Une récente étude du Haut Comité d’évaluation de la condition militaire révèle les difficultés que rencontre l’armée pour fidéliser ses troupes.

Les Combattants, sorti en 2014, raconte l’histoire de deux jeunes déçus par l’armée. (© Haut et Court)

Des conditions de vie considérées comme difficiles, une concurrence du privé de plus en plus féroce… Depuis quelques années, les raisons poussant les soldats à quitter l’armée française ne manquent pas, selon une étude du Haut Comité d’évaluation de la condition militaire (HCECM) publiée le 6 octobre :

"La perception de leur carrière par les militaires eux-mêmes semble affectée par la conjonction de plusieurs facteurs négatifs : difficulté à concilier vie militaire et vie personnelle, manque de moyens, crainte d’une perte de compétences techniques et tactiques, lassitude face aux difficultés rencontrées en matière de soutien et d’environnement (infrastructure et hébergement)…", énumère le rapport.

Ainsi, bien que les recrutements ne cessent d’augmenter au sein de l’armée française (ces derniers sont passés "de 20 430 en 2014 à 34 523 en 2016"), l’institution a du mal à garder ses jeunes recrues… Ainsi, seuls 64,9 % des soldats de l’armée de Terre et 58,3 % des soldats de l’armée de l’Air restent au sein de l’armée une fois leur premier contrat terminé.

Et bien que "les militaires du rang [soient] appelés, majoritairement, à réaliser des carrières courtes", l’armée aimerait cependant les garder plus longtemps : huit ans au moins pour les soldats de l’armée de Terre. Mais cet objectif n’est "aujourd’hui […] pas atteint", selon le HCECM.
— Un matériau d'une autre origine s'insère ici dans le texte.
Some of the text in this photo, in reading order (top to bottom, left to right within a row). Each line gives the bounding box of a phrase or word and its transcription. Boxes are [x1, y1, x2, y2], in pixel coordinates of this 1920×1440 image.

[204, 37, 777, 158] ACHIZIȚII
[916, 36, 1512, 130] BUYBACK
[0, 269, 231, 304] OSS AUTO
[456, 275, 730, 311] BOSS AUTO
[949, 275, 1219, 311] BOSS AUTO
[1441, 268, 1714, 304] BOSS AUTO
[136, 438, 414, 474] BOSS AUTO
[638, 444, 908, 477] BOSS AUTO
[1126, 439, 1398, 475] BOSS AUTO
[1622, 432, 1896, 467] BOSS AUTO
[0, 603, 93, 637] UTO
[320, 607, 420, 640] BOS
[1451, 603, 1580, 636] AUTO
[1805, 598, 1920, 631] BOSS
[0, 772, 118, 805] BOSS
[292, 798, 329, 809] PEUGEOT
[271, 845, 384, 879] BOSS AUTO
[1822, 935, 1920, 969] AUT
Manque de formation, problèmes de paiement

"La fidélisation constitue un défi de première importance. Une partie des réponses sont certainement à trouver du côté des moyens et de la préparation opérationnelle […]. D’autres réponses portent, enfin, sur les carrières et les rémunérations […]", poursuivent les membres du HCECM à l’origine de l’étude.
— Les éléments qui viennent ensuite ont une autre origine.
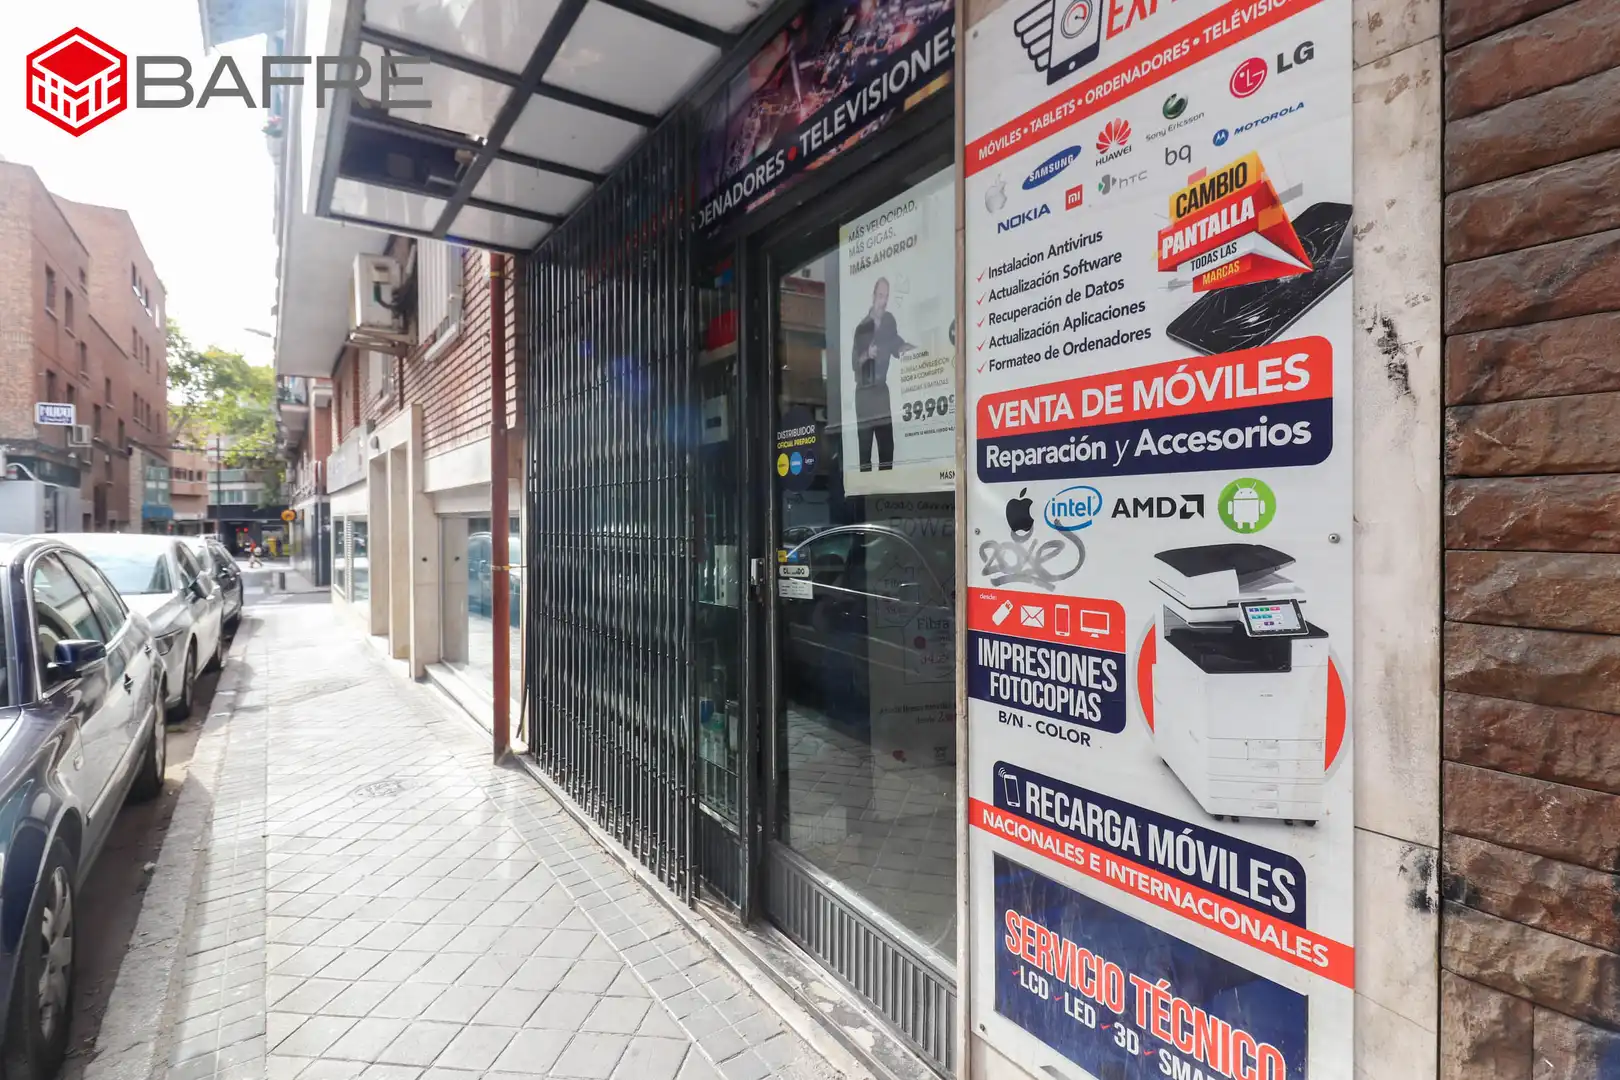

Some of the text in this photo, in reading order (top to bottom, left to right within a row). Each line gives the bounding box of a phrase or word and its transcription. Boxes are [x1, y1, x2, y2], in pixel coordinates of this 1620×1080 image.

[1277, 40, 1315, 74] LG
[978, 127, 1022, 161] MÓVILES
[1030, 102, 1075, 133] TABLETS
[1085, 39, 1190, 104] ORDENADORES
[1234, 101, 1305, 136] MOTOROLA
[1145, 112, 1205, 142] Sony Ericsson
[1029, 154, 1074, 182] SAMSUNG
[1095, 145, 1132, 167] HUAWEI
[1165, 144, 1192, 166] bq
[1118, 170, 1148, 190] htc
[1176, 161, 1248, 218] CAMBIO
[997, 203, 1051, 234] NOKIA
[1162, 195, 1256, 260] PANTALLA
[988, 230, 1103, 279] Instalacion Antivirus
[988, 251, 1122, 302] Actualización Software
[1191, 242, 1238, 271] TODAS LAS
[1202, 260, 1240, 286] MARCAS
[988, 278, 1125, 326] Recuperación de Datos
[988, 300, 1146, 349] Actualización Aplicaciones
[989, 327, 1152, 372] Formateo de Ordenadores
[987, 352, 1310, 430] VENTA DE MÓVILES
[777, 425, 816, 440] DISTRIBUIDOR
[985, 416, 1312, 473] Reparación y Accesorios
[1051, 496, 1092, 517] intel
[1111, 497, 1177, 520] AMD
[978, 637, 1118, 693] IMPRESIONES
[990, 671, 1102, 723] FOTOCOPIAS
[998, 710, 1024, 730] B/N
[1035, 721, 1091, 748] COLOR
[1025, 780, 1297, 915] RECARGA MÓVILES
[982, 808, 1329, 969] NACIONALES E INTERNACIONALES
[1004, 909, 1287, 1080] SERVICIO TÉCNICO
[1020, 966, 1220, 1080] LCD LED 3D SMA
Car en plus des difficultés résultant d’un environnement peu favorable, les problèmes liés à la formation et au paiement des salaires des soldats posent également problème.

Ainsi, dans le cadre de la rédaction de ce rapport, le chef d’État-Major des armées (CEMA) a évoqué le fait que "20 % des pilotes de l’aviation légère de l’armée de terre (Alat) ne sont pas aptes 'mission de guerre', faute d’heures de vol". "Les membres du Haut Comité ont pu rencontrer des équipages de blindés qui n’avaient ni tiré, ni manœuvré avec leur matériel de dotation depuis près de 2 ans, notent les auteurs du rapport. Cette situation inquiète les militaires et pèse sur leur moral."

Les défaillances logistiques comme les pannes récurrentes du logiciel de paiement Louvois agacent également de nombreux soldats. "Le logiciel défectueux Louvois, qui depuis 2011 empêche soldats et officiers d’être correctement payés, ne sera retiré qu’en 2021", notait Le Monde en février dernier.